They typically consist of a lead disc drilled with tens of thousands of closely packed holes, separated from each other by septa.
Each hole only accepts Gamma rays to travel through a narrow channel. The path of these rays, and therefore their origin of location, can be accurately mapped. All other rays traveling in various other directions are absorbed by the septa, and do not contribute to the image.
Hence, the primary function of the collimator in Gamma cameras is for accurate spatial localization, and not scatter reduction (as is the case in general radiography).
The collimator is placed over the scintillator crystal of the Gamma camera, and positioned as close as possible to the patient, to maximize spatial resolution.
Collimator types vary based on the specific photopeaks of the radionuclides being used.
- low energy - used for nuclides emitting photons up to 160 keV
- medium energy - used for nuclides emitting photons up to 250 keV
- high energy - used for nuclides emitting photons > 250 keV
Note that the septal thickness will primarily determine the amount of photon energies being accepted.

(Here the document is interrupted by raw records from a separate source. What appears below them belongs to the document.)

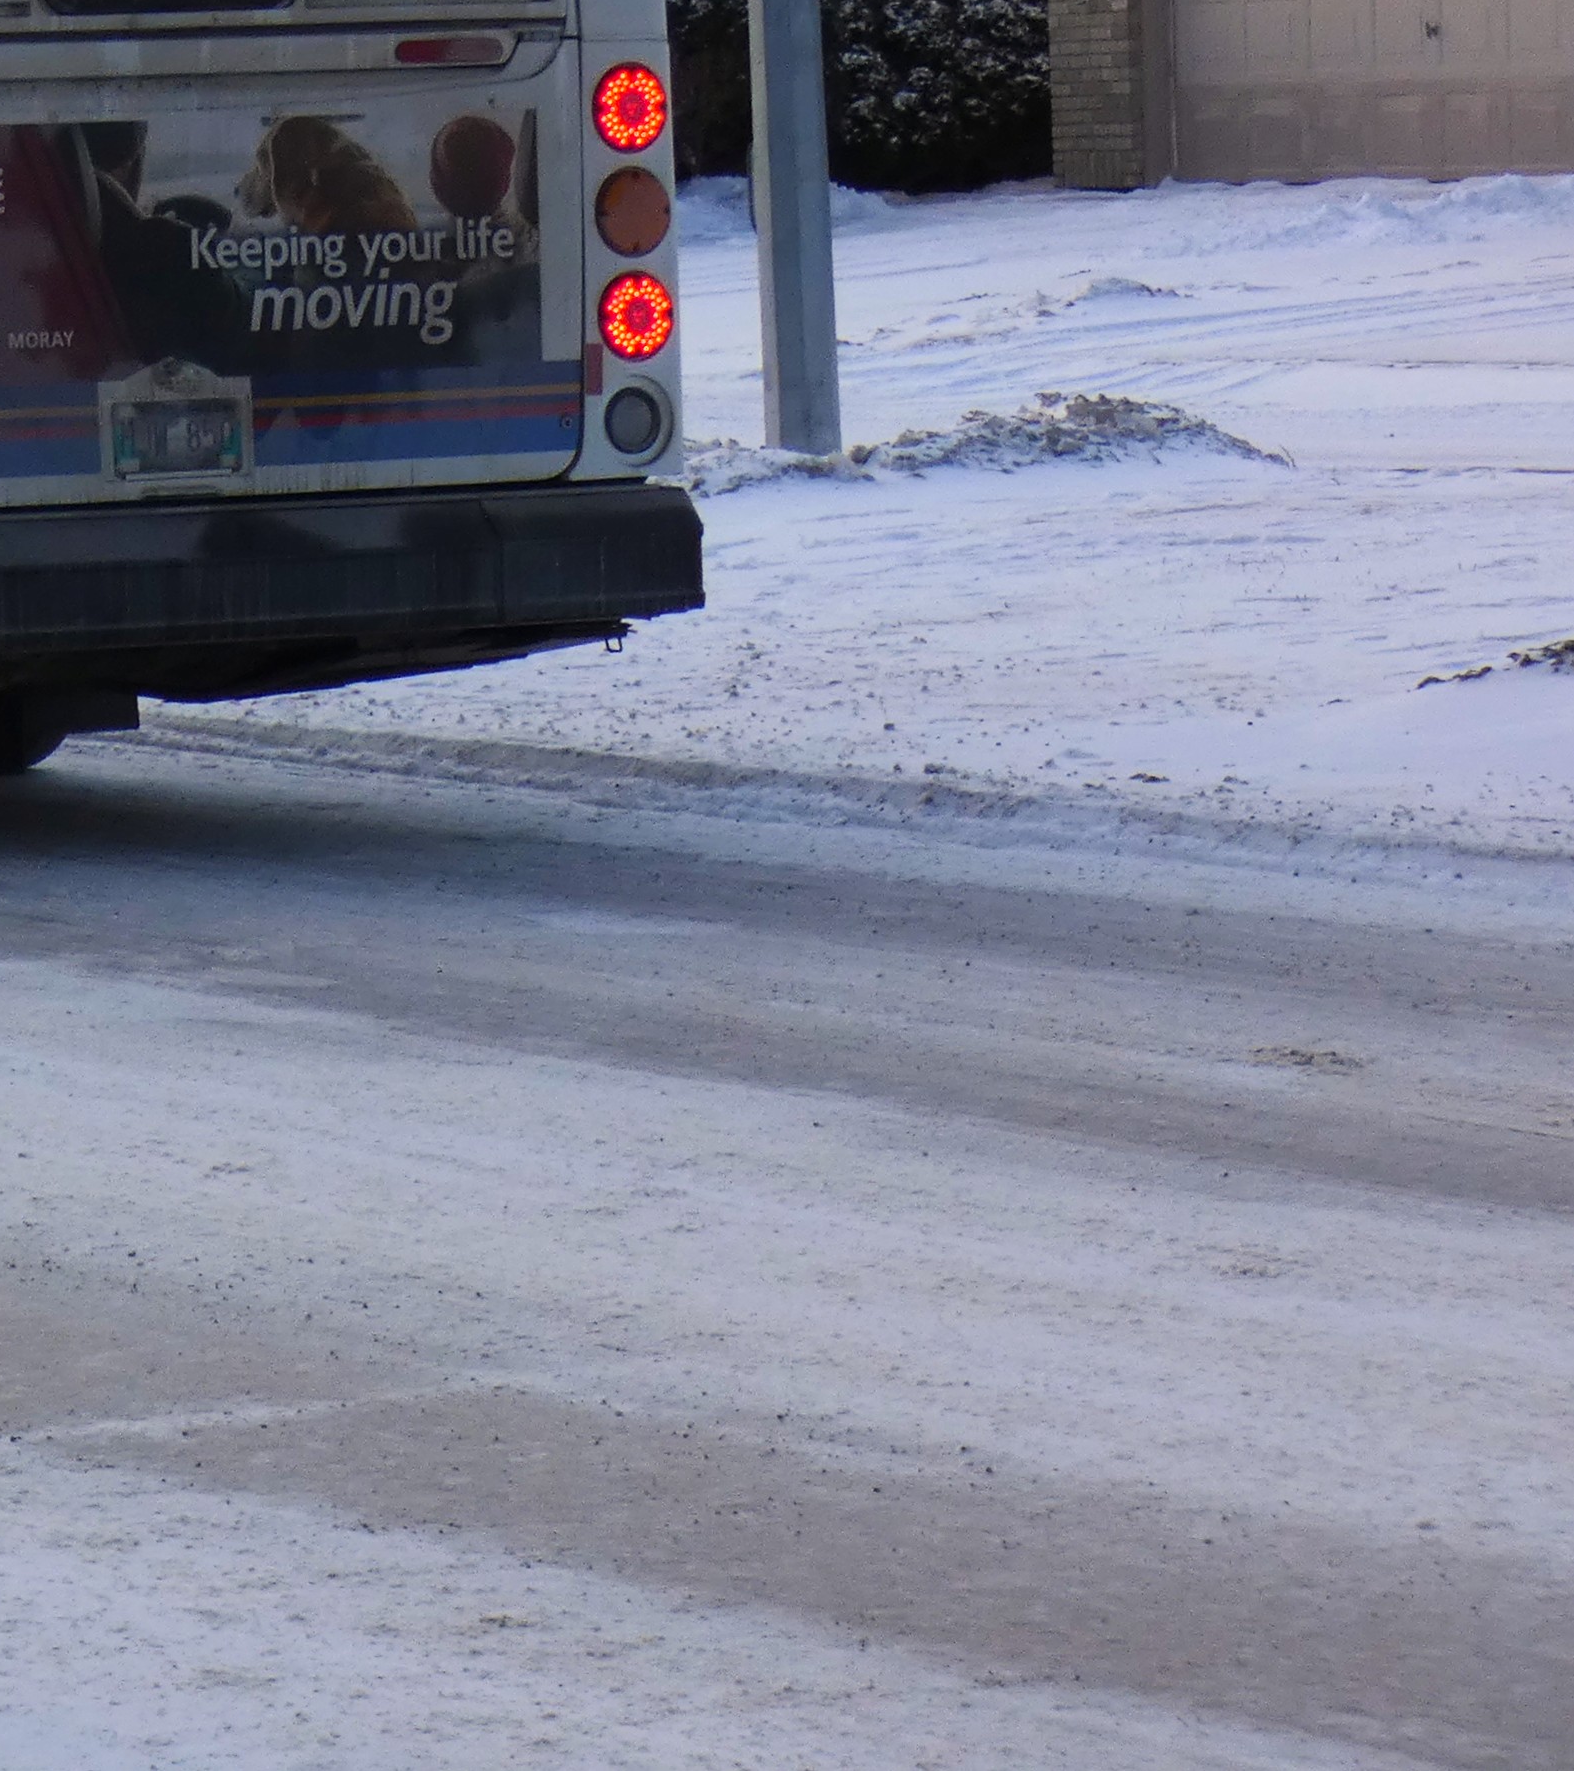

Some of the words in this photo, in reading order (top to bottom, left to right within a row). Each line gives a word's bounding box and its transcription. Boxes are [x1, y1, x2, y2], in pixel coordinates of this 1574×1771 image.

[190, 226, 348, 280] Keeping
[357, 231, 448, 278] your
[455, 216, 516, 260] life
[250, 266, 459, 346] moving
[8, 330, 75, 350] MORAY
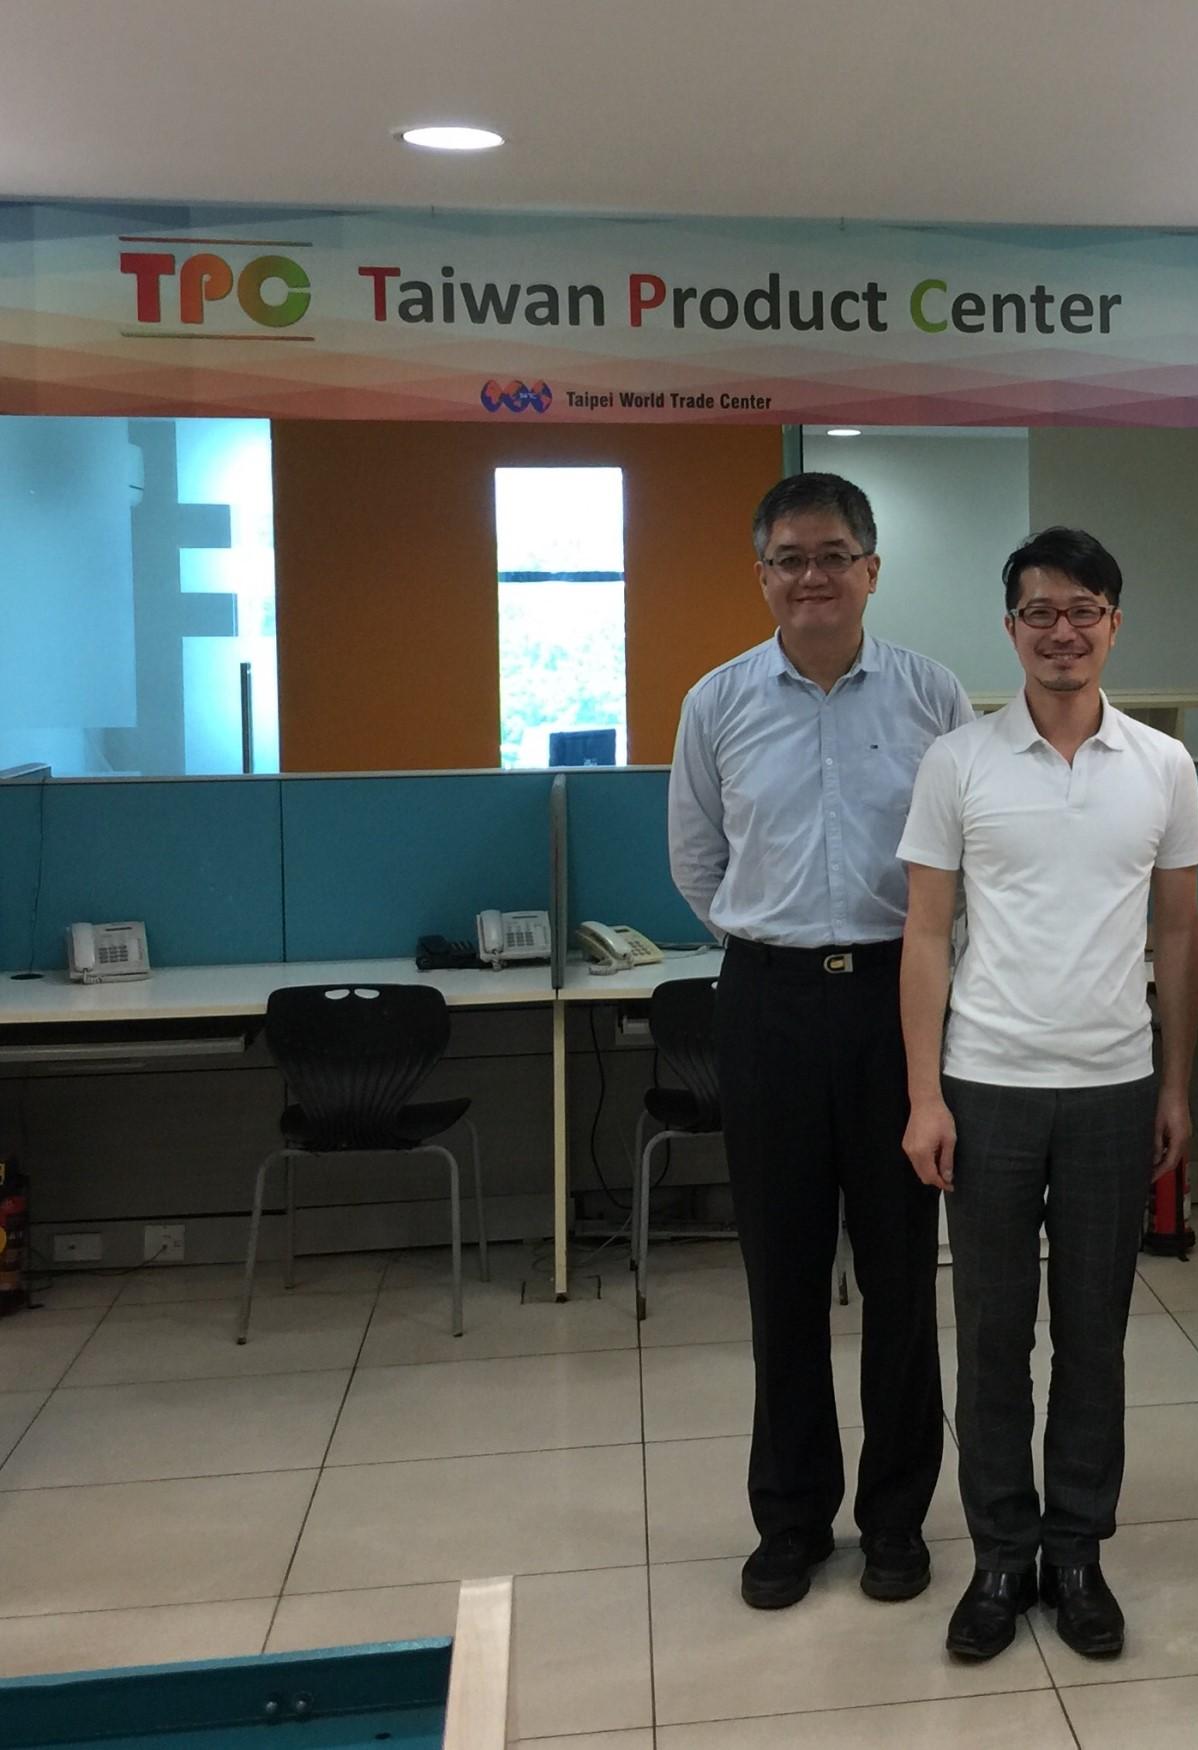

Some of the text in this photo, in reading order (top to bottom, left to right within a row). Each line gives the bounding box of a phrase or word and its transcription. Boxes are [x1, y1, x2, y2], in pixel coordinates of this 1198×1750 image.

[120, 252, 311, 328] TPC
[358, 265, 1122, 334] Taiwan Product Center
[566, 391, 772, 411] Taipei World Trade Center

Hole shape and diameter will primarily determine the sensitivity and spatial resolution of the Gamma camera.
Collimators can also vary based on their design:
- parallel hole - multiple holes which run parallel to each other (most common design)
- pinhole - single hole with a single aperture, providing a magnified and inverted image with superior spatial resolution. Used in imaging small structures.
- converging - multiple holes which converge onto a central point, providing a magnified image with improved spatial resolution. Used in imaging small structures.
- diverging - multiple holes which fan away from the center, providing a minified image. Used in whole body imaging where a larger field of view is required.